#### Provided material:
◇ ◇ ◇ ◇ ◇ ◇ ◇
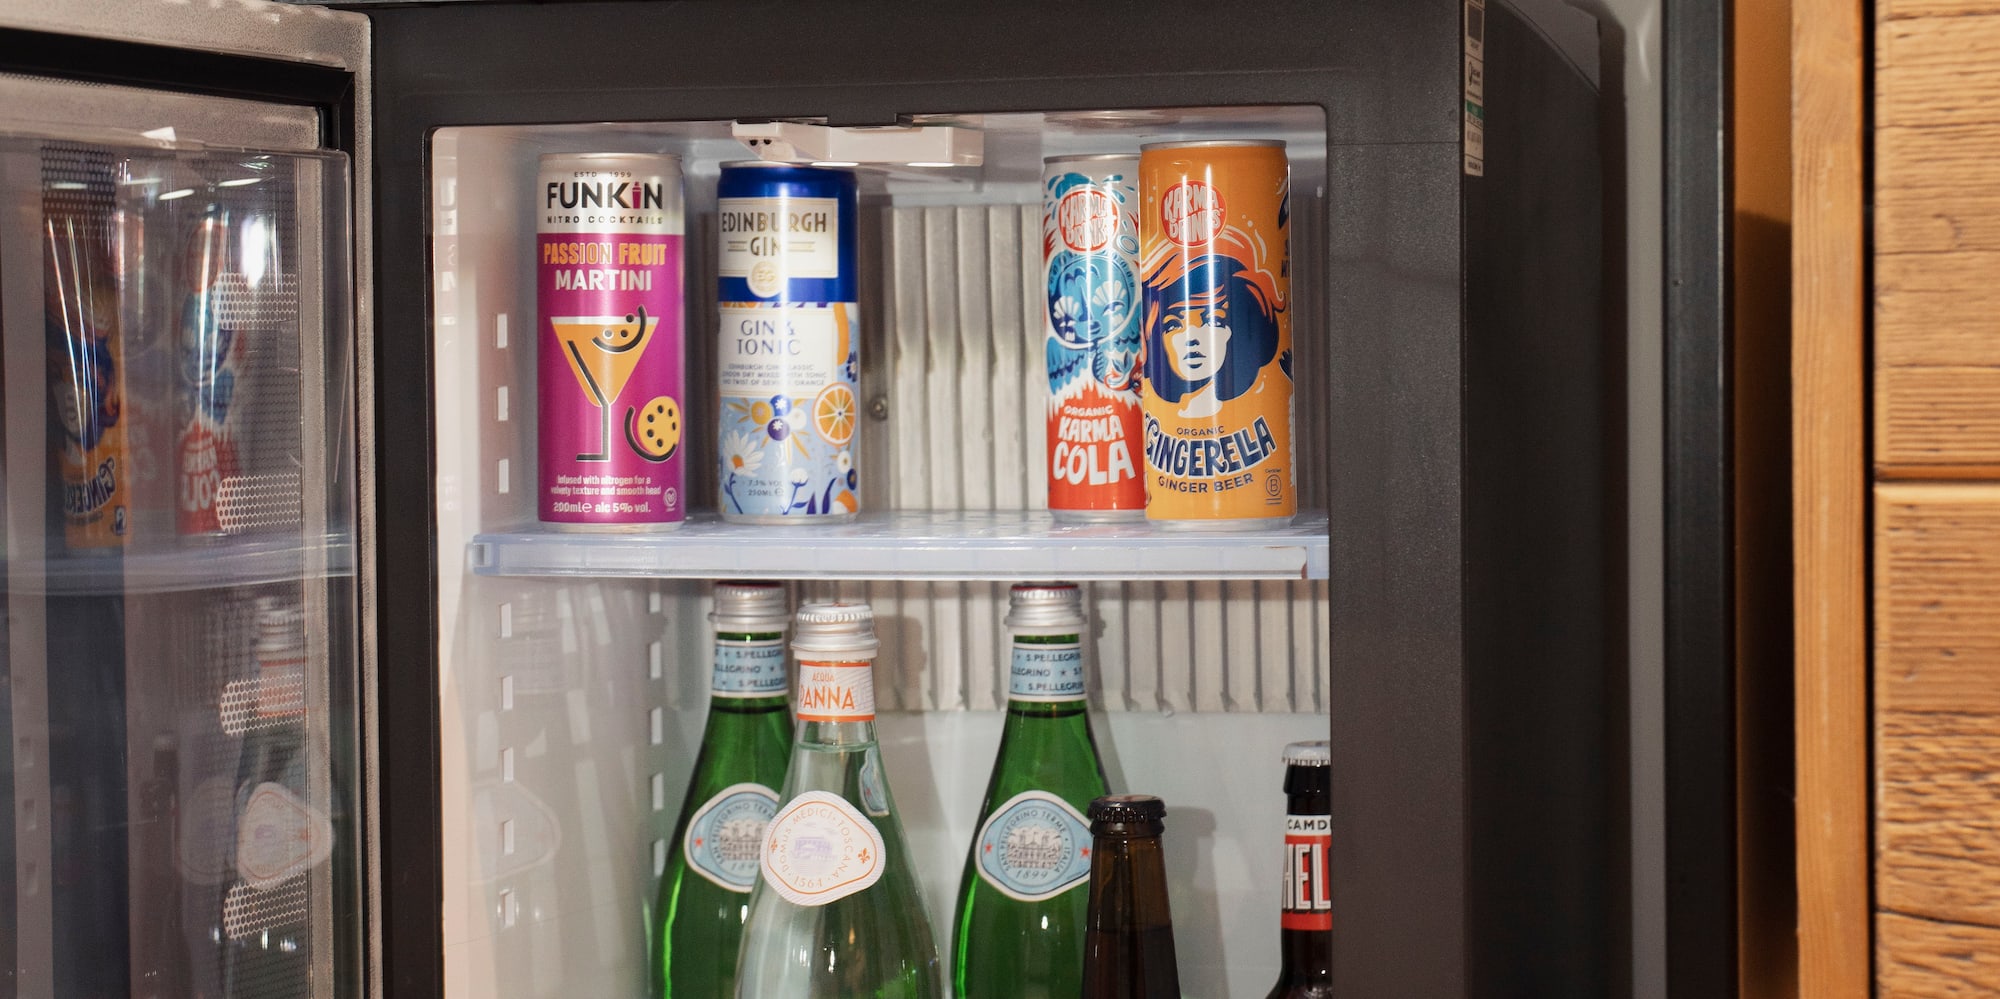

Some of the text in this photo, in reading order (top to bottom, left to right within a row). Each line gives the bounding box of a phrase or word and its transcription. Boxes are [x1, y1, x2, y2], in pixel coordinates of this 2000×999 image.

[1164, 186, 1219, 222] KARMA
[547, 215, 664, 224] NITRO COCKTAILS
[722, 212, 827, 233] EDINBURGH
[543, 242, 667, 266] PASSION FRUIT
[555, 269, 652, 291] MARTINI
[740, 319, 775, 336] GIN
[736, 338, 801, 355] TONIC
[1063, 405, 1114, 418] ORGANIC
[1058, 415, 1124, 443] KARMA
[1176, 426, 1225, 436] ORGANIC
[1145, 411, 1277, 478] GINGERELLA
[1053, 440, 1137, 486] COLA
[557, 475, 582, 484] Infused
[583, 475, 600, 484] with
[600, 475, 633, 485] nitrogen
[634, 475, 645, 484] for
[1158, 473, 1254, 493] GINGER BEER
[572, 486, 600, 495] texture
[600, 486, 616, 495] and
[617, 486, 644, 495] smooth
[645, 486, 661, 495] head
[595, 502, 610, 513] alc
[612, 502, 632, 513] 5%
[634, 502, 652, 513] vol.
[812, 671, 835, 682] ACQUA
[1287, 819, 1331, 831] CAMD
[779, 828, 792, 874] DOMUS
[793, 808, 830, 825] MEDICI
[833, 820, 854, 879] TOSCANA
[1000, 809, 1071, 873] SAN PELLEGRINO TERME ITALIA
[1015, 870, 1049, 879] 1899
[1282, 843, 1332, 910] HEL
◇ ◇ ◇ ◇ ◇ ◇ ◇
#### Task description:
Everything in the listing should be repeated exactly except the pictures.

#### Answer box:
Some of the text in this photo, in reading order (top to bottom, left to right within a row). Each line gives the bounding box of a phrase or word and its transcription. Boxes are [x1, y1, x2, y2], in pixel coordinates of this 2000×999 image.

[1164, 186, 1219, 222] KARMA
[547, 215, 664, 224] NITRO COCKTAILS
[722, 212, 827, 233] EDINBURGH
[543, 242, 667, 266] PASSION FRUIT
[555, 269, 652, 291] MARTINI
[740, 319, 775, 336] GIN
[736, 338, 801, 355] TONIC
[1063, 405, 1114, 418] ORGANIC
[1058, 415, 1124, 443] KARMA
[1176, 426, 1225, 436] ORGANIC
[1145, 411, 1277, 478] GINGERELLA
[1053, 440, 1137, 486] COLA
[557, 475, 582, 484] Infused
[583, 475, 600, 484] with
[600, 475, 633, 485] nitrogen
[634, 475, 645, 484] for
[1158, 473, 1254, 493] GINGER BEER
[572, 486, 600, 495] texture
[600, 486, 616, 495] and
[617, 486, 644, 495] smooth
[645, 486, 661, 495] head
[595, 502, 610, 513] alc
[612, 502, 632, 513] 5%
[634, 502, 652, 513] vol.
[812, 671, 835, 682] ACQUA
[1287, 819, 1331, 831] CAMD
[779, 828, 792, 874] DOMUS
[793, 808, 830, 825] MEDICI
[833, 820, 854, 879] TOSCANA
[1000, 809, 1071, 873] SAN PELLEGRINO TERME ITALIA
[1015, 870, 1049, 879] 1899
[1282, 843, 1332, 910] HEL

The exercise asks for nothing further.